Adversarial Evasion Considerations: While ErrorTrace is more robust than prior methods to naive fine-tuning or pruning, the paper does not deeply explore adaptive adversarial scenarios. An attacker aware of this fingerprinting technique might intentionally try to mask or alter the error pattern of a stolen model. For instance, they could fine-tune the model on the very data points that are known “unique errors” for the source family, thereby “patching” those errors. Or they might inject noise into outputs for certain queries to confuse the trace. The current evaluation did not simulate an attacker who specifically aims to evade ErrorTrace (beyond standard fine-tuning for some task). It’s unclear how much leeway an adversary has to distort the error signature without significantly hurting model quality. This is a potential weakness because IP violators in practice might try to avoid detection. ErrorTrace’s reliance on inherent error patterns is clever, but if those patterns can be partially sanitized or hidden via additional training, the traceability could be undermined. The robustness to intentional fingerprint removal is not demonstrated, leaving a gap in the security analysis of the method.
Family vs. Model Identification: By design, ErrorTrace focuses on identifying the model family, not the exact model. This is understandable (family-level is easier and arguably sufficient for many IP cases), but it is still a limitation in granularity. In scenarios where multiple organizations use the same base family (e.g., many clones of LLaMA exist), knowing a suspect “is a LLaMA-family model” might not conclusively prove it came from your instance of LLaMA. The paper does mention that if a family only contains one model, then effectively it performs model-level tracing, and they show examples of detecting specific fine-tunes (like Orca or CodeLlama) back to a single base model. However, for multi-model families, ErrorTrace doesn’t distinguish which family member was the source. This might be considered a weakness depending on the enforcement scenario. For example, if two companies train models on the same code base, more evidence would be needed to pin down theft. The paper could be stronger if it at least discussed this nuance or proposed how one might extend ErrorTrace to distinguish siblings in the same family (perhaps by incorporating some model-specific error features in addition to family-wide ones).
Behavior on Very Large or Adept Models: In experiments, ErrorTrace sometimes failed to identify the largest models (e.g. “Mistral:large” 13B and a merged 22B model) as belonging to their family. The authors hypothesize that a dramatically larger model (or one formed by merging multiple models) might have a distinct error profile that diverges even from its smaller family members. This points to a general weakness: the assumption that a family’s errors are consistent may break down when models differ substantially in scale, training data, or architecture. In real-world terms, if an attacker took an open 7B model and scaled it up or merged it into a much larger model, would ErrorTrace still trace it to the original family? The paper’s results suggest this is challenging. The method might benefit from a way to adjust for model competency differences (since a very large and/or advanced model will make fewer errors overall, potentially making it harder to get a meaningful “error intersection” signature). At present, this remains an open problem for tracing state-of-the-art models if they are significantly improved over the references.
Extending to continuous tasks: The entire pipeline hinges on a binary error indicator. In multiple choice or classification settings this is natural, but many high value LLM deployments involve continuous or graded outputs (e.g., proof generation, code synthesis, free form QA). How would ErrorTrace define “incorrect” and, by extension, error uniqueness in such domains? A proof checker’s pass/fail verdict could act as a binary flag, yet other tasks produce scores (BLEU, ROUGE, pass@k) rather than hard correctness. Without a clear extension path, ErrorTrace’s applicability seems limited to tasks with clear labels.

问题

1. Cosine variance (Table 3): Within family cosine similarities can range up to three orders of magnitude. Could the authors clarify the mains sources of that spread? How does this square with the claim that family members share consistent error patterns?

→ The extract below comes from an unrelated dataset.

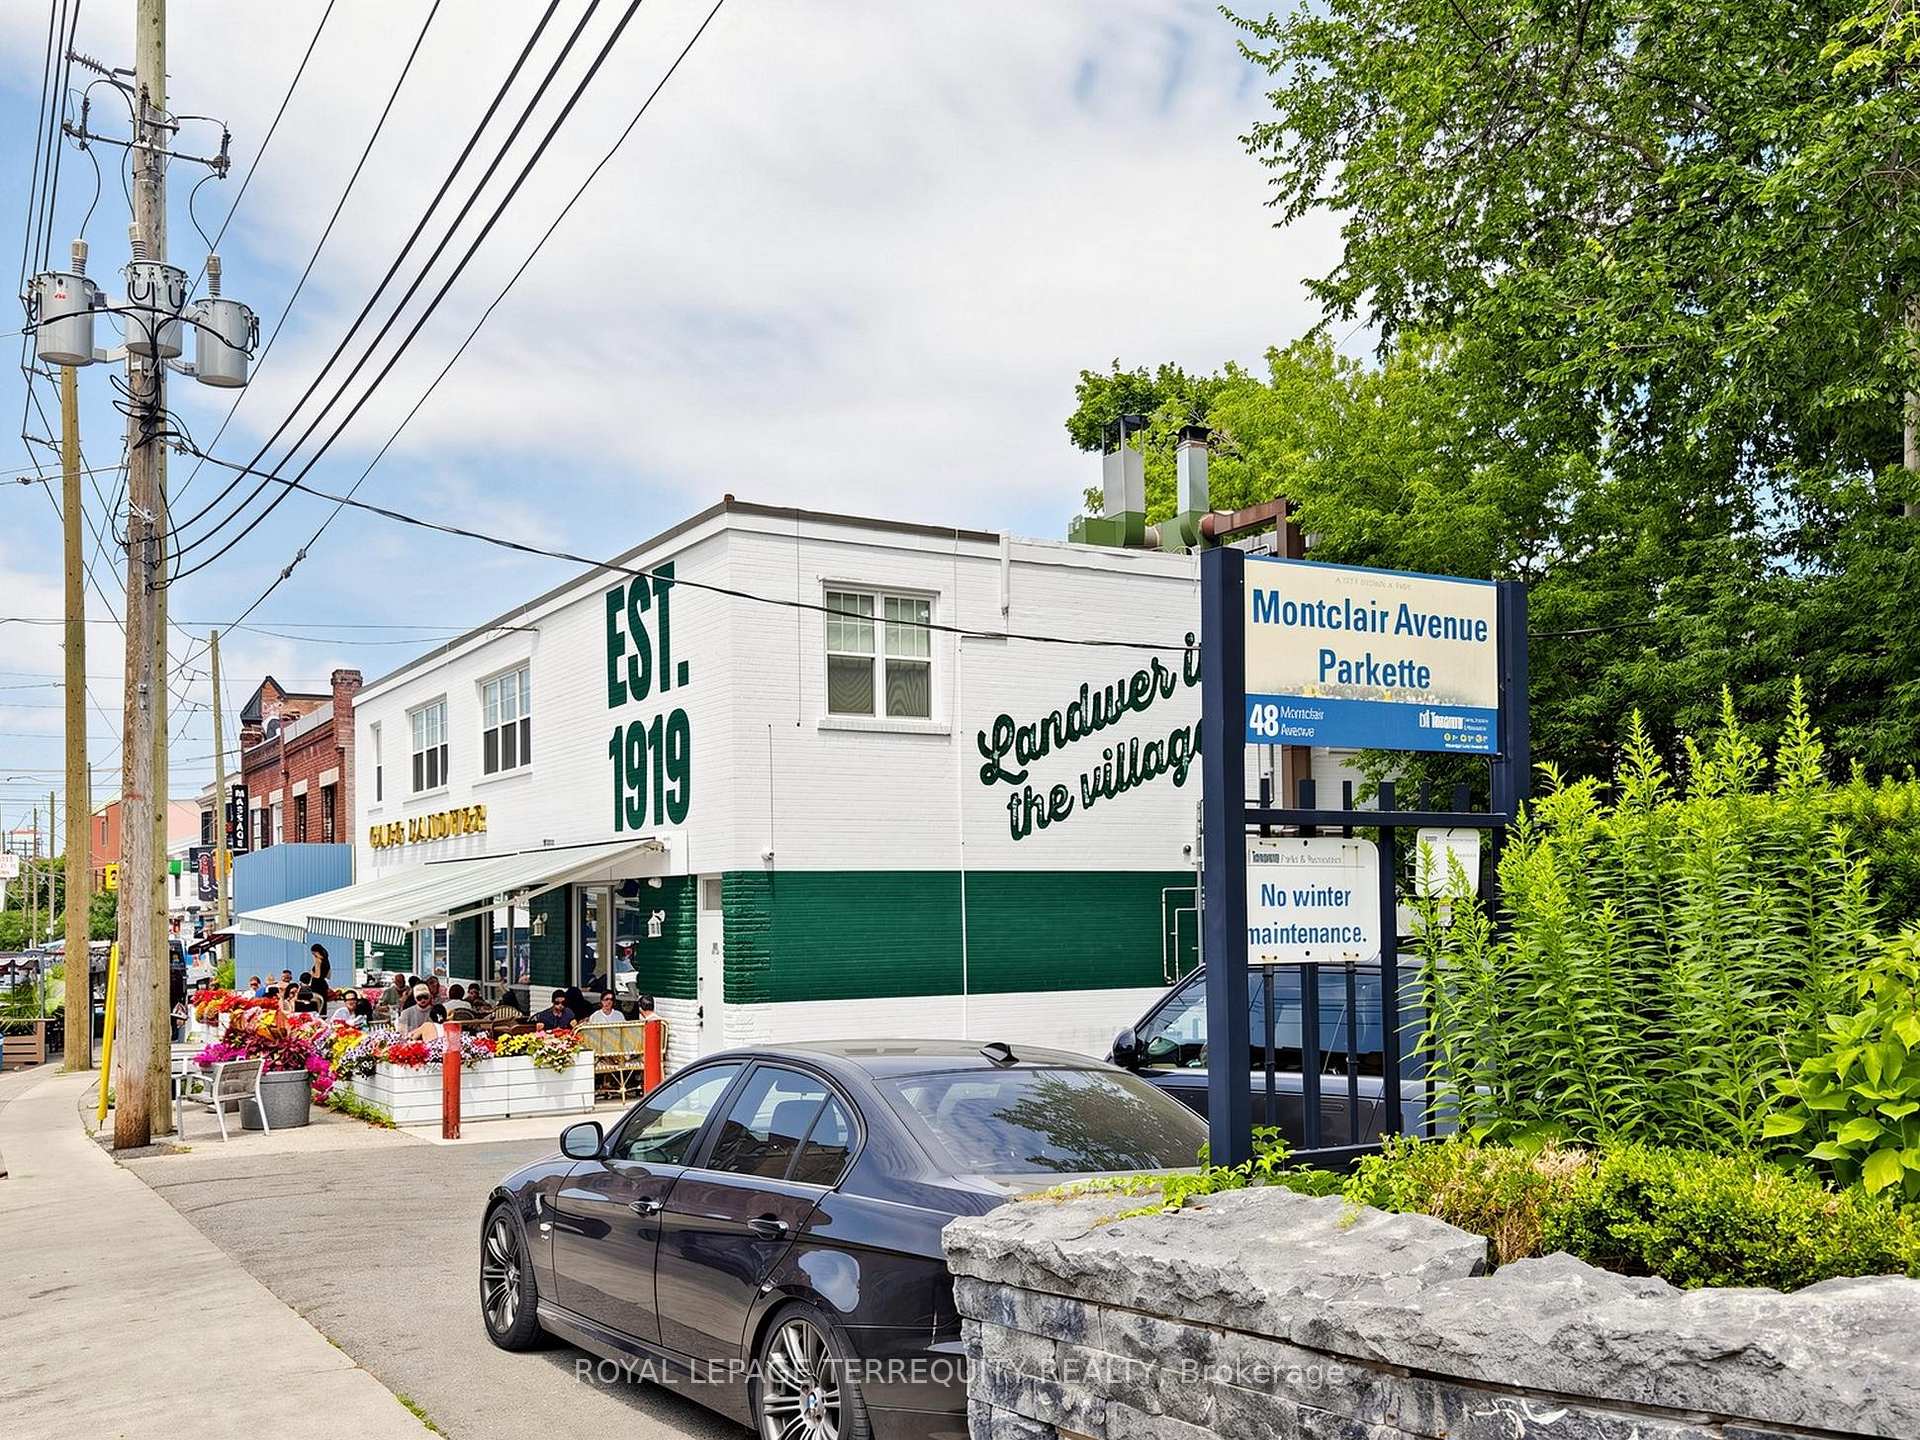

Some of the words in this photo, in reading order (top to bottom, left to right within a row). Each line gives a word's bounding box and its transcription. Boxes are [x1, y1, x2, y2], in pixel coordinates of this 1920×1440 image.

2. Contraction scaling trend (Figure 6b): Accuracy deteriorates when the start set is very large (≥ 1,600 nodes) and the final set is the minimum (500 nodes). Intuitively, retaining more nodes before contraction should only add information. Could the authors please provide quantitative guidance: what start/end sizes yield the best trade off, and why?

3. Patch attack robustness: Consider an adversary who (i) fine tunes on the top k high uniqueness prompts to eliminate those errors, or (ii) deliberately introduces random errors on k low uniqueness prompts to muddy the drop curve. As k increases, at what point does ErrorTrace fail, meaning it either mis-identifies the family or labels the model out of distribution under the current threshold τ? A plot of attribution accuracy versus k for both attack types would quantify the cost of evasion and help substantiate the method’s security claims.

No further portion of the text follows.